We endured a gruelling 18-hour long bus journey weaving down towards the Amazonian town of Rurrenabaque some two vertical miles lower than La Paz.  The journey mostly through the night was perilous and I later learned that the road to Rurrenabaque is arguably the most dangerous in the world.  Sometimes the single lane dirt track gives way on one side to a drop of thousands of feet into the cloud forest.  I was so thankful that the darkness concealed a terrifying glimpse into the unending chasm, until dawn when I was aghast at just how close to the edge our bus wheels came, almost bringing certain death.  In Sweltering heat we arrived literally at the end of the road entering the ramshackle Rurrenabaque.  Despite the sun gleaming, the air was heavy and moist with thick lush green vegetation surrounding us.

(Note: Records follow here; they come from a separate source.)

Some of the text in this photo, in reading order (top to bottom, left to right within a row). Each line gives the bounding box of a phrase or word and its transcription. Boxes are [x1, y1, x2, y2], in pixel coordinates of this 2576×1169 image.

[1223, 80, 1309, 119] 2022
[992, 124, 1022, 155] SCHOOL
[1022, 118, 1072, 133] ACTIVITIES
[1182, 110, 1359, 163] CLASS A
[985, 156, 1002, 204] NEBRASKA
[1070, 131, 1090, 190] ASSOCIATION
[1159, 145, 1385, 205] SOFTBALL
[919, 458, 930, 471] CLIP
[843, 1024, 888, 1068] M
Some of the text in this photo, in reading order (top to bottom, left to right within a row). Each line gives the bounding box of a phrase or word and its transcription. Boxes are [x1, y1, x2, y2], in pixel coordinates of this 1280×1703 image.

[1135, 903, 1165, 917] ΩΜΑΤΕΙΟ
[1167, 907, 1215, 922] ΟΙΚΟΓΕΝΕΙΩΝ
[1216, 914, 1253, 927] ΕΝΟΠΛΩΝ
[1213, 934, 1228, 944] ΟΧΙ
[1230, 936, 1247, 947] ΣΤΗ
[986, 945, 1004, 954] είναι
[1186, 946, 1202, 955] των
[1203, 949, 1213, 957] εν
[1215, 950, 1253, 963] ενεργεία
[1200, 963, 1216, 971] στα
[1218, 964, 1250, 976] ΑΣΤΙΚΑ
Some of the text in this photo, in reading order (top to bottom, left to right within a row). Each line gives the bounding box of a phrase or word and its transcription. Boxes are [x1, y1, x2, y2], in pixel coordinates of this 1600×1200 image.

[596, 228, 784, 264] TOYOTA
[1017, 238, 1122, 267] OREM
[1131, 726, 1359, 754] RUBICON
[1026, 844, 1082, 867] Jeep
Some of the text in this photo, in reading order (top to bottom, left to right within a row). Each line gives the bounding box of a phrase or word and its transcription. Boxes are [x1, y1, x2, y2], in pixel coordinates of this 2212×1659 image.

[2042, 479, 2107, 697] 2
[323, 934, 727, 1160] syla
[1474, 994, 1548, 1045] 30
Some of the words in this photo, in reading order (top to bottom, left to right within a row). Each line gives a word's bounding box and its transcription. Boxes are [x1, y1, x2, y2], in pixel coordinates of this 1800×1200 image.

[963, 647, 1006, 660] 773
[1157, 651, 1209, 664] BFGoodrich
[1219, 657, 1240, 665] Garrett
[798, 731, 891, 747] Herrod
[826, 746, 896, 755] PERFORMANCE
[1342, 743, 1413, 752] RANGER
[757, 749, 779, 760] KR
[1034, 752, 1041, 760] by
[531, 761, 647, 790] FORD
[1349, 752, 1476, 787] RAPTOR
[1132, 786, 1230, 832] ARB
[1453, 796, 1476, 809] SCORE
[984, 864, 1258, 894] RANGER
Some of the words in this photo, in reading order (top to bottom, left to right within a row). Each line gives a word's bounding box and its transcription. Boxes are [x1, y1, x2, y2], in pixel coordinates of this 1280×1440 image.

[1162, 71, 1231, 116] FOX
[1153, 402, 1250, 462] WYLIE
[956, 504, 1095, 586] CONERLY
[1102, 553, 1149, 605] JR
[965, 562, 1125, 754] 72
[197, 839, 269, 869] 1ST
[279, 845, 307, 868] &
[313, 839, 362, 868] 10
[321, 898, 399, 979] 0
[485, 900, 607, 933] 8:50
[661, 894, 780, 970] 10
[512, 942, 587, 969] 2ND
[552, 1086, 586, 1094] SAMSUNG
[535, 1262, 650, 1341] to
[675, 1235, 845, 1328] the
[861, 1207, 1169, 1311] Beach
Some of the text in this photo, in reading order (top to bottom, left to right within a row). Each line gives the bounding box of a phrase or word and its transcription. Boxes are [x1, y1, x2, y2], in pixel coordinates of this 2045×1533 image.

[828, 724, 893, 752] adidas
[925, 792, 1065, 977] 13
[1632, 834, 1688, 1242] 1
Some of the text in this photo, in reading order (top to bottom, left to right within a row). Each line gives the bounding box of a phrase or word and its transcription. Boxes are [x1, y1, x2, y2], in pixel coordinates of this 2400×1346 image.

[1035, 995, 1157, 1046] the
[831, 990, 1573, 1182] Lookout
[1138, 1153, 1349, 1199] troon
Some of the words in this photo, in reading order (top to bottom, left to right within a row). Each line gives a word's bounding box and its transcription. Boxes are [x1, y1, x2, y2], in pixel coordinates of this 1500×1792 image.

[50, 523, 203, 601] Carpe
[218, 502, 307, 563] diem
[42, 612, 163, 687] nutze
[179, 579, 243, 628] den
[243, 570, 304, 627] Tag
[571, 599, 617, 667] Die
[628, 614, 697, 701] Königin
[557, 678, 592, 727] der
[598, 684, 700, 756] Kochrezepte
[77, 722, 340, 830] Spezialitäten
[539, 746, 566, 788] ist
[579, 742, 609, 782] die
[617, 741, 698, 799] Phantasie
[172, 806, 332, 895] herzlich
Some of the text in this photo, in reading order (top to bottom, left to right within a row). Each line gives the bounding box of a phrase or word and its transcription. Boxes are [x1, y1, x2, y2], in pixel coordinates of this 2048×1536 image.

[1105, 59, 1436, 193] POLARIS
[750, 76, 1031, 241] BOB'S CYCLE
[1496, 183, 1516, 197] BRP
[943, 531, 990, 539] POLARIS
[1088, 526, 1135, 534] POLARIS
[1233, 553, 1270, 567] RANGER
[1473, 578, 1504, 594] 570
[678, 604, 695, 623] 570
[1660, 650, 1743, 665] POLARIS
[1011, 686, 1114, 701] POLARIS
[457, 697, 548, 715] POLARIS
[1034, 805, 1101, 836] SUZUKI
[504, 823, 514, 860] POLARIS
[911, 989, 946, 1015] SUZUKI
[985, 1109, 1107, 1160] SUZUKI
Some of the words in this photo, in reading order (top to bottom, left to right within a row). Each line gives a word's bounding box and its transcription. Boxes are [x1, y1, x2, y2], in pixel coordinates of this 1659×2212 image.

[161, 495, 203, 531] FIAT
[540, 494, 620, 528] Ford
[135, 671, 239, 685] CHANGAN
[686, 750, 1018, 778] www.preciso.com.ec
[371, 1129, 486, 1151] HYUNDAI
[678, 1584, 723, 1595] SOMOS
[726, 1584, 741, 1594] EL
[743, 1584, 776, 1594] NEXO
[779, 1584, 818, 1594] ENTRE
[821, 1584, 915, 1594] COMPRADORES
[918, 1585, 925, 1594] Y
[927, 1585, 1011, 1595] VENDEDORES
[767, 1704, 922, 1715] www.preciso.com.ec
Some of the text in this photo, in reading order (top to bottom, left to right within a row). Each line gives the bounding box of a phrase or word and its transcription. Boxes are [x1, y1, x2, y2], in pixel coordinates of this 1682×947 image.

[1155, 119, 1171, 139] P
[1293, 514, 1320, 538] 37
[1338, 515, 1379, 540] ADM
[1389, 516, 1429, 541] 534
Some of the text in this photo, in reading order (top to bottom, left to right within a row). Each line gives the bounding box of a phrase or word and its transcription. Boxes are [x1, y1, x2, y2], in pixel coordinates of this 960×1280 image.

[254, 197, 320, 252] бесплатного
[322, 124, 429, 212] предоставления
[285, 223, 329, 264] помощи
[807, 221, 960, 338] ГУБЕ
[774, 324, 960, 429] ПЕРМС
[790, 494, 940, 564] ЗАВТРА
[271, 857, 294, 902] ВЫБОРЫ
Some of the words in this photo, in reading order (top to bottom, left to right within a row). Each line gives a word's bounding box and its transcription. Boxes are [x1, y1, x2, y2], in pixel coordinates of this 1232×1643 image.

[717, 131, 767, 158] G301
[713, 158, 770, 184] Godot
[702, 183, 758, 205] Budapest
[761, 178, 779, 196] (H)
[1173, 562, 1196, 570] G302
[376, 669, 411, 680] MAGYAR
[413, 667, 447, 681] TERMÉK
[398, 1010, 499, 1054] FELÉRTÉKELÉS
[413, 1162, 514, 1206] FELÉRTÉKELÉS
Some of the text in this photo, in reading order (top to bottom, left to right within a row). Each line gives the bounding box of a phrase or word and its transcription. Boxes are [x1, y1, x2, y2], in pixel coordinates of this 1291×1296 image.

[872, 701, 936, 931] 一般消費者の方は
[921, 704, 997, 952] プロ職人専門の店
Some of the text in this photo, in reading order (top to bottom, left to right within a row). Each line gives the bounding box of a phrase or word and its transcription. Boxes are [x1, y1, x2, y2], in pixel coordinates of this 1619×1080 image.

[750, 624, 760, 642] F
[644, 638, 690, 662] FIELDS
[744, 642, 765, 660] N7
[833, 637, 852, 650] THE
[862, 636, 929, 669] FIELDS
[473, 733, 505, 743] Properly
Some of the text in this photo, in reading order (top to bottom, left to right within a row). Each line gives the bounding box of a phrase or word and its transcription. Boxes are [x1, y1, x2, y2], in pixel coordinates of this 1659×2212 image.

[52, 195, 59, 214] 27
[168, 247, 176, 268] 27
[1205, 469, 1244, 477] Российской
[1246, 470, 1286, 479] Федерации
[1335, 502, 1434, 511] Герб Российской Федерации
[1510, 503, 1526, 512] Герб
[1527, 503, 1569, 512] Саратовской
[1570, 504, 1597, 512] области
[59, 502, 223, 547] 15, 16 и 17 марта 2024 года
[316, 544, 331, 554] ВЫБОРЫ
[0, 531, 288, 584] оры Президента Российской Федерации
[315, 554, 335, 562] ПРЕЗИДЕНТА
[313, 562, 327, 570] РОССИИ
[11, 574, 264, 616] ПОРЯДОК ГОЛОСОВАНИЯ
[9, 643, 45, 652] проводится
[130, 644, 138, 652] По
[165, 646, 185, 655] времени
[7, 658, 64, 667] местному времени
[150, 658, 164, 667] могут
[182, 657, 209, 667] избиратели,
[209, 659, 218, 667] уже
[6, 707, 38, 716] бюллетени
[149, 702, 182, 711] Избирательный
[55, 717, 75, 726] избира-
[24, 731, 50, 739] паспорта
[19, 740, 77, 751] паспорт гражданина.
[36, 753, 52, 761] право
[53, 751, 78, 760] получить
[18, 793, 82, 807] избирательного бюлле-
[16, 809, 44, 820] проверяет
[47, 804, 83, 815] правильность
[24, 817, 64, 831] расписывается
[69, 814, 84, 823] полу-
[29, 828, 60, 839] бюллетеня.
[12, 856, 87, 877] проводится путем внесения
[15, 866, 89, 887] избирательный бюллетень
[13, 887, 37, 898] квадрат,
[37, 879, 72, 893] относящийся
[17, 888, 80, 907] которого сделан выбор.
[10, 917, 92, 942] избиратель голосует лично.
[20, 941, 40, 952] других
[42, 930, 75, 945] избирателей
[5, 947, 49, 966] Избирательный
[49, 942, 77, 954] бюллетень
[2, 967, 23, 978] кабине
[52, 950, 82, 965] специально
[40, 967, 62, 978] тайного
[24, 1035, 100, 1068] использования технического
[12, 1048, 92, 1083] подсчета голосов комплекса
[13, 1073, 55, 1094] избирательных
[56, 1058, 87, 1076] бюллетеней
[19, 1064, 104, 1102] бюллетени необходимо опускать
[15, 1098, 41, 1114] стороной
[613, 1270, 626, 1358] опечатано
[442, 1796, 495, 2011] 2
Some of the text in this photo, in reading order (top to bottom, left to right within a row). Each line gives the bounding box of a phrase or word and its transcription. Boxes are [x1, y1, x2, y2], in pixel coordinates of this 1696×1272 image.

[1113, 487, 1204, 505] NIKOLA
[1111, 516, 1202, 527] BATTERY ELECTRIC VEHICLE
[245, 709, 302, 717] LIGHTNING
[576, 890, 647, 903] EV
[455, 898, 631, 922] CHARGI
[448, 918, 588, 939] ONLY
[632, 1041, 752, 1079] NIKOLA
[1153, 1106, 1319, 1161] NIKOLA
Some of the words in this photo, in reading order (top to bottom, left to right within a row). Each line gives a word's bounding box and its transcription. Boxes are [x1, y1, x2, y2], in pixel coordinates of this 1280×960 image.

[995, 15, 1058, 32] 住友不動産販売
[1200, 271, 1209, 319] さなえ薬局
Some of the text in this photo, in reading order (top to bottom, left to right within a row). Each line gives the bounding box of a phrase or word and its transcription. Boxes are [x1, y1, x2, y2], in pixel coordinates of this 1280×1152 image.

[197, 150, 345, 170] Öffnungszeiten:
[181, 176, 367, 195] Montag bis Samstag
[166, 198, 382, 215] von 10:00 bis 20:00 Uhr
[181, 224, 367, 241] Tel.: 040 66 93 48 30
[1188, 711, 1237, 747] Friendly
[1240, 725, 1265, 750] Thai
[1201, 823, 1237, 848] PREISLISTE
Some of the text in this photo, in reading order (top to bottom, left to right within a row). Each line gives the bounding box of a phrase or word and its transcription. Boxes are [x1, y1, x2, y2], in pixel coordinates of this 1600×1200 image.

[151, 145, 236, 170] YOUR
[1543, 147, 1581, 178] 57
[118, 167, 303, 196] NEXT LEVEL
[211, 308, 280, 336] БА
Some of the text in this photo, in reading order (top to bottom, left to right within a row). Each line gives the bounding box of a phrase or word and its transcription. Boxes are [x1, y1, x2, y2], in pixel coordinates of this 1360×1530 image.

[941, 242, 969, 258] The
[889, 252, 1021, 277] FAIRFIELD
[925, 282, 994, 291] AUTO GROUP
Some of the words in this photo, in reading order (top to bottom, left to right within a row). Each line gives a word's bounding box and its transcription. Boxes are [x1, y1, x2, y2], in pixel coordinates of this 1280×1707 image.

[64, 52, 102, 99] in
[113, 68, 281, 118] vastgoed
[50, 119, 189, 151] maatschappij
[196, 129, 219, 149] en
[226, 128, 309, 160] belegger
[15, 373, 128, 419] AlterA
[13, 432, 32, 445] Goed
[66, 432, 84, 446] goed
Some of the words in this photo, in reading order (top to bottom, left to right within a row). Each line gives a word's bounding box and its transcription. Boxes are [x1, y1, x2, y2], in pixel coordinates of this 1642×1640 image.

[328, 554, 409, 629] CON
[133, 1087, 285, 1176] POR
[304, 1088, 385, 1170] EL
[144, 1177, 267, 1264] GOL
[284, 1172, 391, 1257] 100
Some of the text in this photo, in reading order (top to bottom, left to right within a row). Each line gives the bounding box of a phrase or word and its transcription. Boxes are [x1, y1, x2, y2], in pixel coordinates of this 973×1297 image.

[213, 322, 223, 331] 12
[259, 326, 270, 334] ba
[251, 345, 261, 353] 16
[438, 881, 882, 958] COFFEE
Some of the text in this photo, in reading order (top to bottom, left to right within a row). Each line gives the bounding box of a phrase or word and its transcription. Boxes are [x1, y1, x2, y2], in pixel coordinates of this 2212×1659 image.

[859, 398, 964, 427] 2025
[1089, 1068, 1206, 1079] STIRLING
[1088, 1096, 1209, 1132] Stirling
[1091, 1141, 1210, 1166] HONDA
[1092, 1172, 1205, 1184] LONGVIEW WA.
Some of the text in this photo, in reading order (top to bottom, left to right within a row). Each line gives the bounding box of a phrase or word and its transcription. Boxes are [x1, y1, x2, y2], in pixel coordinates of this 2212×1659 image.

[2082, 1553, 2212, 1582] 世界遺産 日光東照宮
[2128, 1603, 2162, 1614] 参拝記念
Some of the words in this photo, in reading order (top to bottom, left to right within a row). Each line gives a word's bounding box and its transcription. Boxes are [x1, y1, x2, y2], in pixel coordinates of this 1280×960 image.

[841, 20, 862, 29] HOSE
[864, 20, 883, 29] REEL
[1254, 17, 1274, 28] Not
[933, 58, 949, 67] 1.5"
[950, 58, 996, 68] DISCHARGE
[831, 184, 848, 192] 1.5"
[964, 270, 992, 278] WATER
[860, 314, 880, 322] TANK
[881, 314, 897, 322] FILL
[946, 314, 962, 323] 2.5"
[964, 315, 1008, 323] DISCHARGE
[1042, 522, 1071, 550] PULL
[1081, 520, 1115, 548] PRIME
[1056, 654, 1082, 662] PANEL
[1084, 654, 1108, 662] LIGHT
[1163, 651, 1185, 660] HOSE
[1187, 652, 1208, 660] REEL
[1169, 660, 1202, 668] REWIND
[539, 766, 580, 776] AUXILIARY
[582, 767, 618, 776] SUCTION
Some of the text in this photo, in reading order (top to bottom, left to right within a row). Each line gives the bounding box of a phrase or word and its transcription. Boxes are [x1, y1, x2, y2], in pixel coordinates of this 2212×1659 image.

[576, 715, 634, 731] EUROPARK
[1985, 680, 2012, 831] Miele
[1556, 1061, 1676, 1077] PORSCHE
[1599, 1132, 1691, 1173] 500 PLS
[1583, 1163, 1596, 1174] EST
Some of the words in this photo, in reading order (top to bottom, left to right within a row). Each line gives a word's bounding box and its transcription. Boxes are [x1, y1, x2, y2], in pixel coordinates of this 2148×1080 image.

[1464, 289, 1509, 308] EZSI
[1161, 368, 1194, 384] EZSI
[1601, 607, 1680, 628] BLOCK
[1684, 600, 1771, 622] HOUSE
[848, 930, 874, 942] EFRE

Following a full day’s recovery Andy and I approached some local tour agencies to assist our journey into the rainforest.  For what seemed a cheap deal we eventually hired a local Amazonian guide and a mad professor-looking South African bloke acting as an interpreter.  We loaded up a canoe complete with an outboard motor and chugged along a mucky brown wide river called the Rio Beni.  I thought that I recognised the colour green until this day in my life sailing along an Amazonian tributary and got blinded by the true richness of the colour on the riverbanks.  We caught our lunch in a purpose built bamboo fish trap, learnt to fillet the poor freshly caught fish and then roast them over a fire that evening.  The highlight of the day came when we opted to go for a night paddle in our canoe along the misty, moonlit river. After nightfall the rainforest came well and truly alive.  The screeches of monkeys in the trees were accompanied by the call of various species of birds coming home to roost.  That night my heart beat fast as I lay inside just a mosquito net on the floor of the jungle in the knowledge that nearby a jaguar prowled.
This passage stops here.